§ MATERIAL FOR THIS TASK:

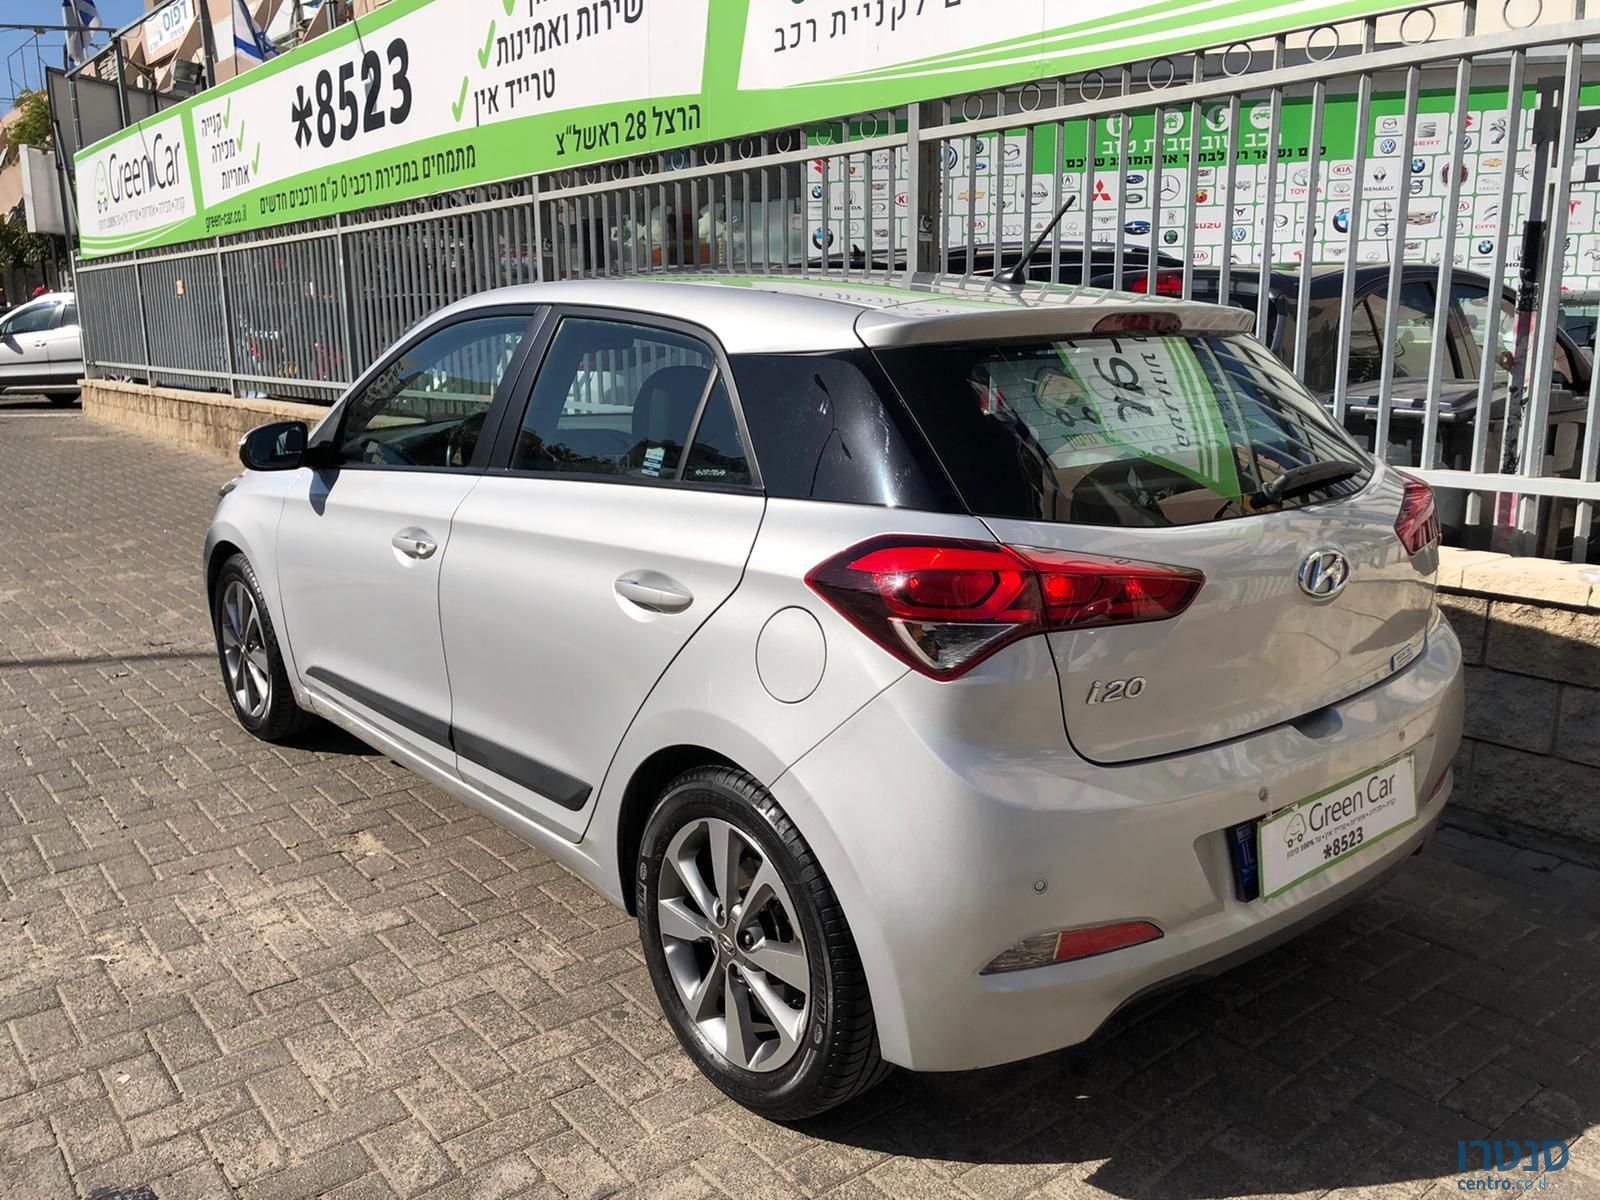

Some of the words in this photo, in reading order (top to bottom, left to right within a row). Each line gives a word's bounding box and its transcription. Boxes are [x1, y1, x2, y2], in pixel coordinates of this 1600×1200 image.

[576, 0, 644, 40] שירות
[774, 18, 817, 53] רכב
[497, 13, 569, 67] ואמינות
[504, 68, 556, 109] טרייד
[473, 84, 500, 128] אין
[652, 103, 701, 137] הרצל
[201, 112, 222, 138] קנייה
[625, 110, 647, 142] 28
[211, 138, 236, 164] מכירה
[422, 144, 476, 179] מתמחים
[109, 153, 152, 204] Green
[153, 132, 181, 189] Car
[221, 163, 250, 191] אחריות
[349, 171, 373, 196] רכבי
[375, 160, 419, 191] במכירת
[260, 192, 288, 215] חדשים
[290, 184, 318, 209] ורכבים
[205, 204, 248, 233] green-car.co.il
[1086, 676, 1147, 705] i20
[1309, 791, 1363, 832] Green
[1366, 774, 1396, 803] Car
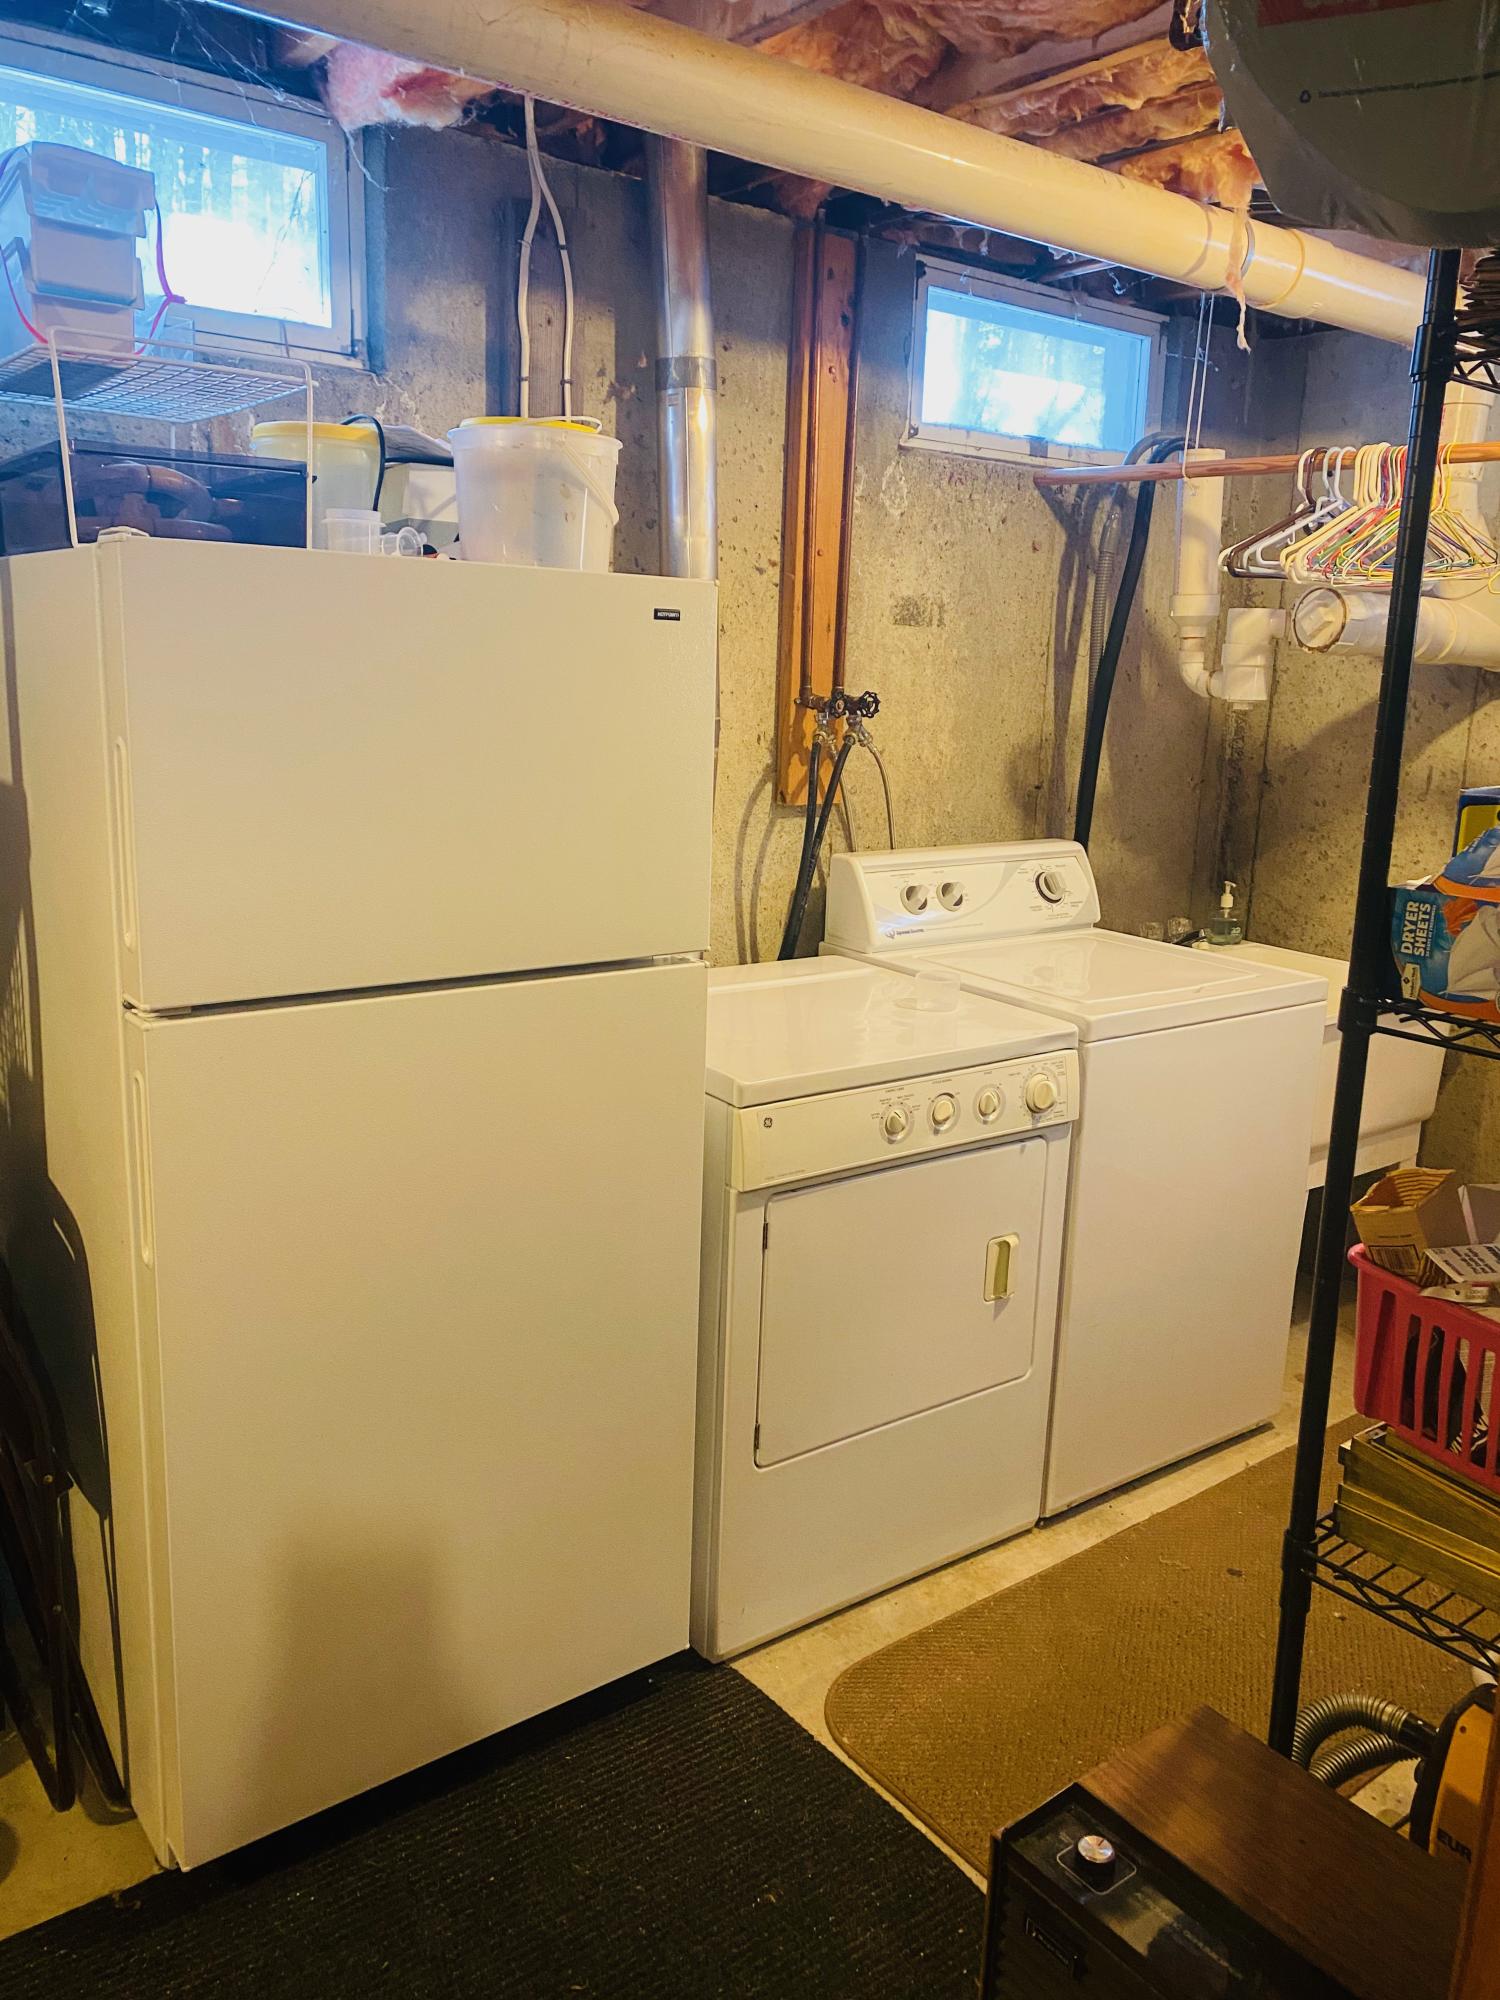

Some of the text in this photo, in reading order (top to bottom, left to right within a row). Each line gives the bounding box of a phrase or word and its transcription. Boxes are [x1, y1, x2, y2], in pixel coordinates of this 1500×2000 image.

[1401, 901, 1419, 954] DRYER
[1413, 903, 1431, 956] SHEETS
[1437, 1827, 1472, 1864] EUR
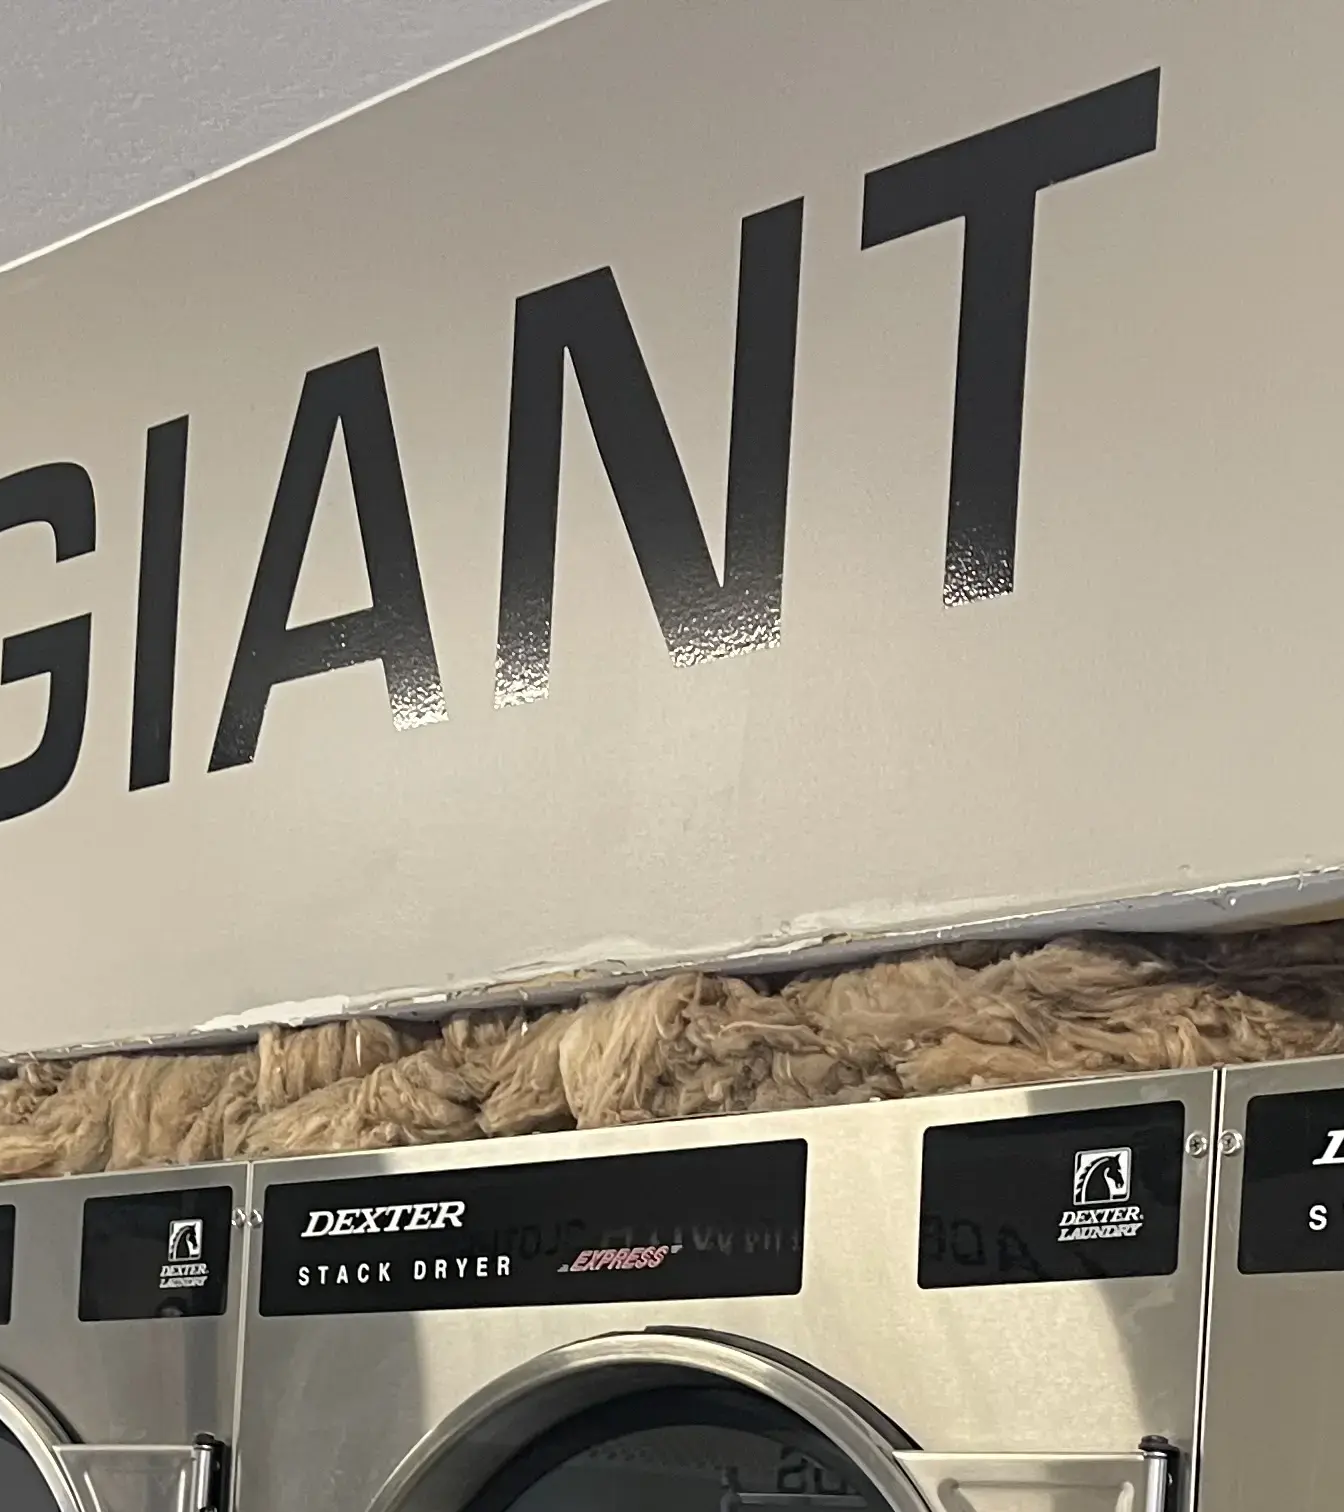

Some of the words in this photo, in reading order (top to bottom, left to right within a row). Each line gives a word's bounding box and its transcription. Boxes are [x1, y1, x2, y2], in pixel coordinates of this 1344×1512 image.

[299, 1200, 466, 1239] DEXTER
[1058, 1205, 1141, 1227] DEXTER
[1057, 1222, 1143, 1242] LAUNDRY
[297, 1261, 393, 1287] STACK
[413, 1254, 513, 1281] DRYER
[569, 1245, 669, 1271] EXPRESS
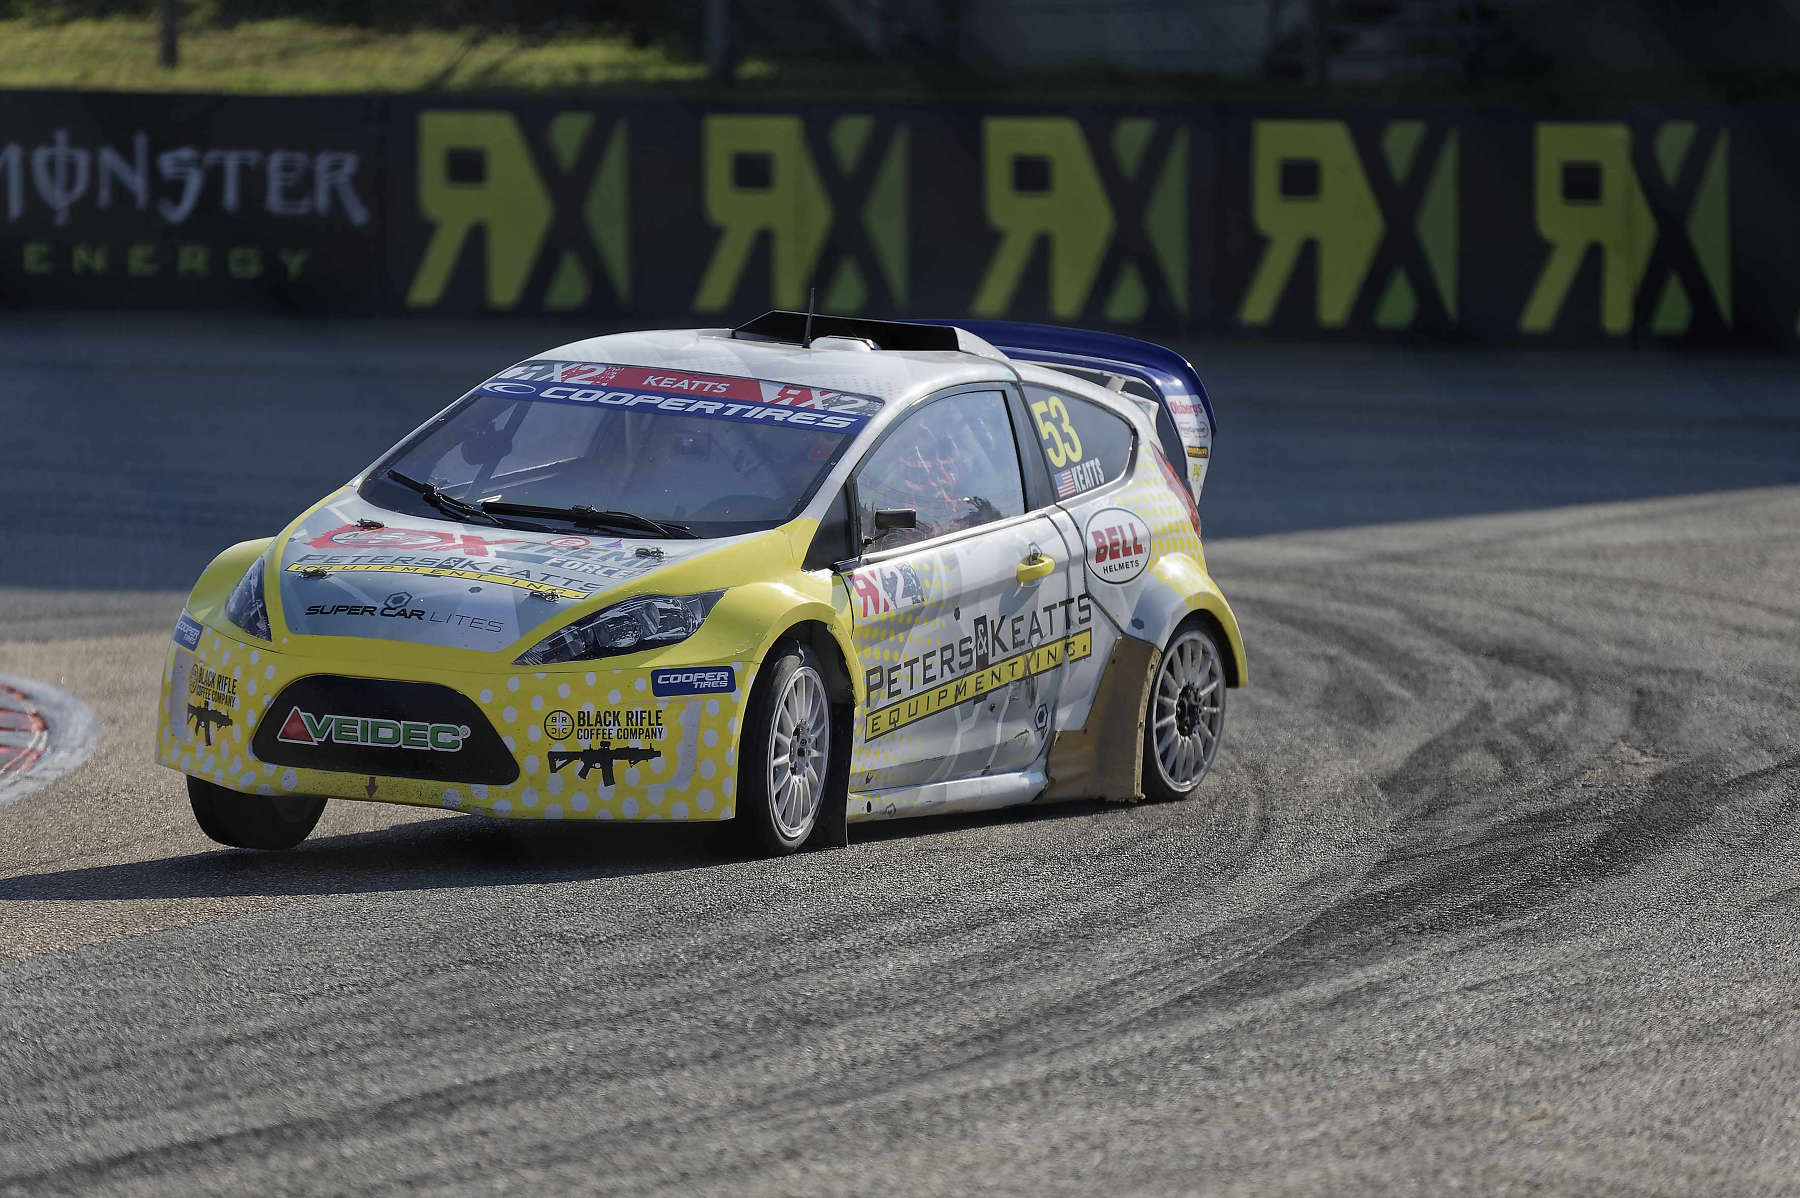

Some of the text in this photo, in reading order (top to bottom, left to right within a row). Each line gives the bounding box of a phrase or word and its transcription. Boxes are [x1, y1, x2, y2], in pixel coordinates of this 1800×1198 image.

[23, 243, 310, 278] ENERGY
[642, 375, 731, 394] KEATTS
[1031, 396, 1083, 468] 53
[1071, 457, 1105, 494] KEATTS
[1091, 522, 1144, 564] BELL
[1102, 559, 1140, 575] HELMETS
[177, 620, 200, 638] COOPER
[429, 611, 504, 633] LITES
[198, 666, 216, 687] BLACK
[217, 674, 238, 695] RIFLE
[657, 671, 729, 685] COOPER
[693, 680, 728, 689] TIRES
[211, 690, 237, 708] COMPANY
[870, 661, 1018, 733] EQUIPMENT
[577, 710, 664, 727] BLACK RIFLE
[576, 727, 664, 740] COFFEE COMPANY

§ WHAT YOU SHOULD DO:
All entries need to be duplicated exactly, apart from the images.

§ RESPONSE TO THIS EXERCISE:
Some of the words in this photo, in reading order (top to bottom, left to right within a row). Each line gives a word's bounding box and its transcription. Boxes are [x1, y1, x2, y2], in pixel coordinates of this 1600×1200 image.

[576, 0, 644, 40] שירות
[774, 18, 817, 53] רכב
[497, 13, 569, 67] ואמינות
[504, 68, 556, 109] טרייד
[473, 84, 500, 128] אין
[652, 103, 701, 137] הרצל
[201, 112, 222, 138] קנייה
[625, 110, 647, 142] 28
[211, 138, 236, 164] מכירה
[422, 144, 476, 179] מתמחים
[109, 153, 152, 204] Green
[153, 132, 181, 189] Car
[221, 163, 250, 191] אחריות
[349, 171, 373, 196] רכבי
[375, 160, 419, 191] במכירת
[260, 192, 288, 215] חדשים
[290, 184, 318, 209] ורכבים
[205, 204, 248, 233] green-car.co.il
[1086, 676, 1147, 705] i20
[1309, 791, 1363, 832] Green
[1366, 774, 1396, 803] Car

Some of the text in this photo, in reading order (top to bottom, left to right within a row). Each line gives the bounding box of a phrase or word and its transcription. Boxes are [x1, y1, x2, y2], in pixel coordinates of this 1500×2000 image.

[1401, 901, 1419, 954] DRYER
[1413, 903, 1431, 956] SHEETS
[1437, 1827, 1472, 1864] EUR

Some of the words in this photo, in reading order (top to bottom, left to right within a row). Each line gives a word's bounding box and its transcription. Boxes are [x1, y1, x2, y2], in pixel coordinates of this 1344×1512 image.

[299, 1200, 466, 1239] DEXTER
[1058, 1205, 1141, 1227] DEXTER
[1057, 1222, 1143, 1242] LAUNDRY
[297, 1261, 393, 1287] STACK
[413, 1254, 513, 1281] DRYER
[569, 1245, 669, 1271] EXPRESS

Some of the text in this photo, in reading order (top to bottom, left to right within a row). Each line gives the bounding box of a phrase or word and its transcription. Boxes are [x1, y1, x2, y2], in pixel coordinates of this 1800×1198 image.

[23, 243, 310, 278] ENERGY
[642, 375, 731, 394] KEATTS
[1031, 396, 1083, 468] 53
[1071, 457, 1105, 494] KEATTS
[1091, 522, 1144, 564] BELL
[1102, 559, 1140, 575] HELMETS
[177, 620, 200, 638] COOPER
[429, 611, 504, 633] LITES
[198, 666, 216, 687] BLACK
[217, 674, 238, 695] RIFLE
[657, 671, 729, 685] COOPER
[693, 680, 728, 689] TIRES
[211, 690, 237, 708] COMPANY
[870, 661, 1018, 733] EQUIPMENT
[577, 710, 664, 727] BLACK RIFLE
[576, 727, 664, 740] COFFEE COMPANY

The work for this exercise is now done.